I love him. I do. But I need my space. And the feeling is mutual. It’s not every night, we do sleep in the same bed sometimes, but more often than not, my husband will retire to his space and I will spread out on our queen bed alone – at least until I am invaded by our five-year-old.

This isn’t a new thing to our marriage. We have been married almost thirteen years, and we have done this for most of them. I became pregnant with out first shortly into our marriage, and insomnia was a huge problem for me. Complicating this common pregnancy annoyance was snoring from my husband that could rattle the windows.

He had snored like this as long as I had known him, but what was once an easy fix by me falling asleep first, became a real problem when I simply couldn’t be the first to nod off. And even if I did manage to fall asleep at a decent time, my hourly trips to the bathroom became a battle to fall back to sleep over the sounds of the jack hammer next to me.

After a few weeks of poking and jabbing and yelling at him all night, we decided something had to change. At the first sign of a snore, he moved to another room. Hallelujah. We both slept better – me not competing with the noise, him without my elbow in his ribs.

When the baby was born, he never slept. Ever. I ended up sleeping in the baby’s room to try and catch whatever uninterrupted sleep I could.

By the time the baby slept through the night, and my husband’s snoring was taken care of by a CPAP machine (always check for sleep apnea!) we were used to this sleeping apart much of the time arrangement. We have acknowledged that we are both people with a strong need for time to ourselves.

For a while, I saw it as a weakness. Was it a warning sign? Did it mean our marriage was not as strong as it should be? The standard is for married people to sleep together. Article after article stresses the importance of that intimacy. Should we be forcing it, even at the expense of sleep quality and mental health?

I no longer worry about the optics. I accept this as something that helps keep our marriage strong, not as a threat to its well-being. We still hang out together in the evening. We’re both night owls, and we will happily watch TV or hang out together for hours, then retire to our separate beds. We usually end up texting each other from our separate quarters throughout the night, staying connected while sleeping apart.

Maintaining a good relationship without physically being in the same space is also not new to us. For the first year and a half of our time together, we lived in separate countries, seeing each other in person every few months. Before that, we spent five years talking online as friends. We have become very adept, in our twenty years of friendship and more, at remaining close while apart. Sleeping in another room is nothing for us.

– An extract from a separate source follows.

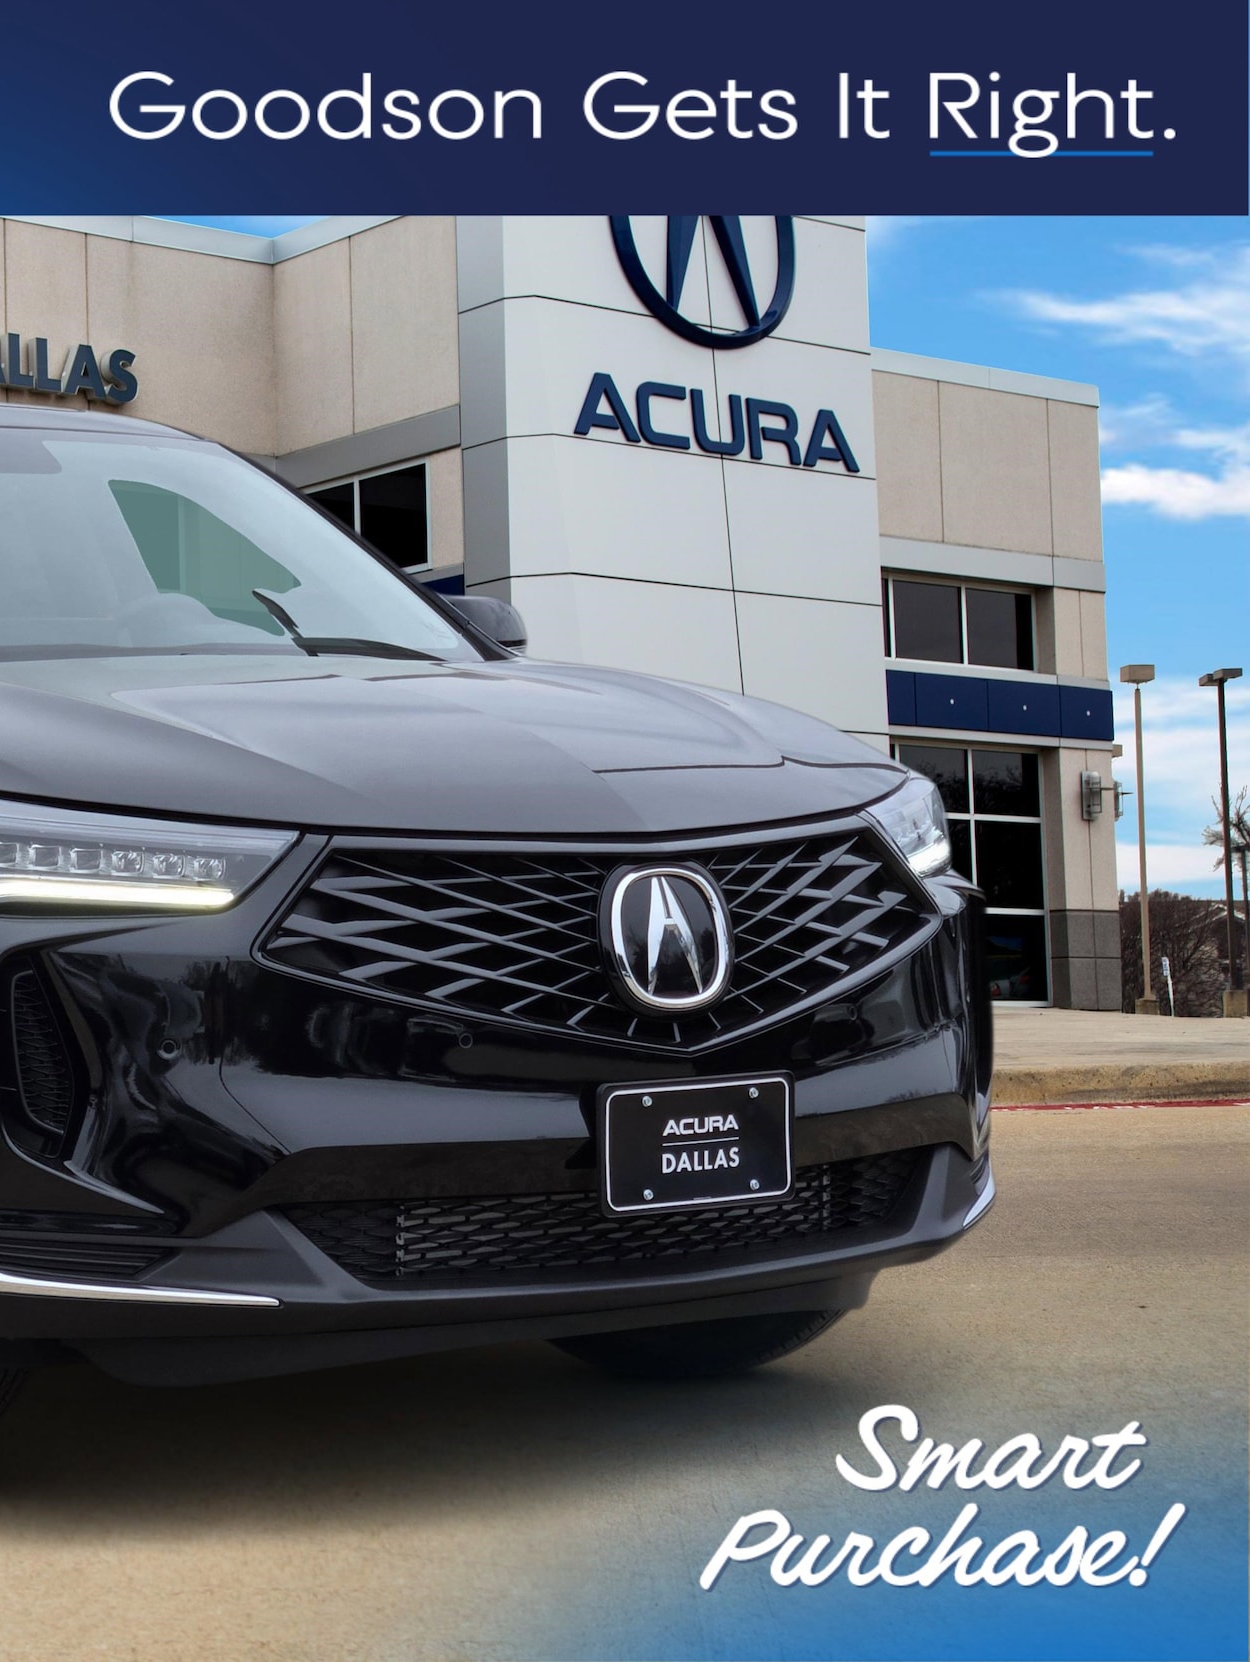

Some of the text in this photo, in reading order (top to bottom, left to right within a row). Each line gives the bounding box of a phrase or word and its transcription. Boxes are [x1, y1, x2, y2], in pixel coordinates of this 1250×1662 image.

[573, 372, 860, 473] ACURA
[662, 1114, 739, 1136] ACURA
[661, 1147, 740, 1174] DALLAS

We both thrive having that time late at night to do our own thing. I write, he plays on the computer. We both watch TV shows the other hates. When we feel like spending the night in the same bed, we do. When we don’t, we don’t. And that works for us.

The lesson in all this is to not base your marriage on “shoulds.” There are a lot of preconceived notions about what a healthy marriage looks like, when really, all that matters is what works well for both parties. If that means that the “marital bed” is a fraction, so be it!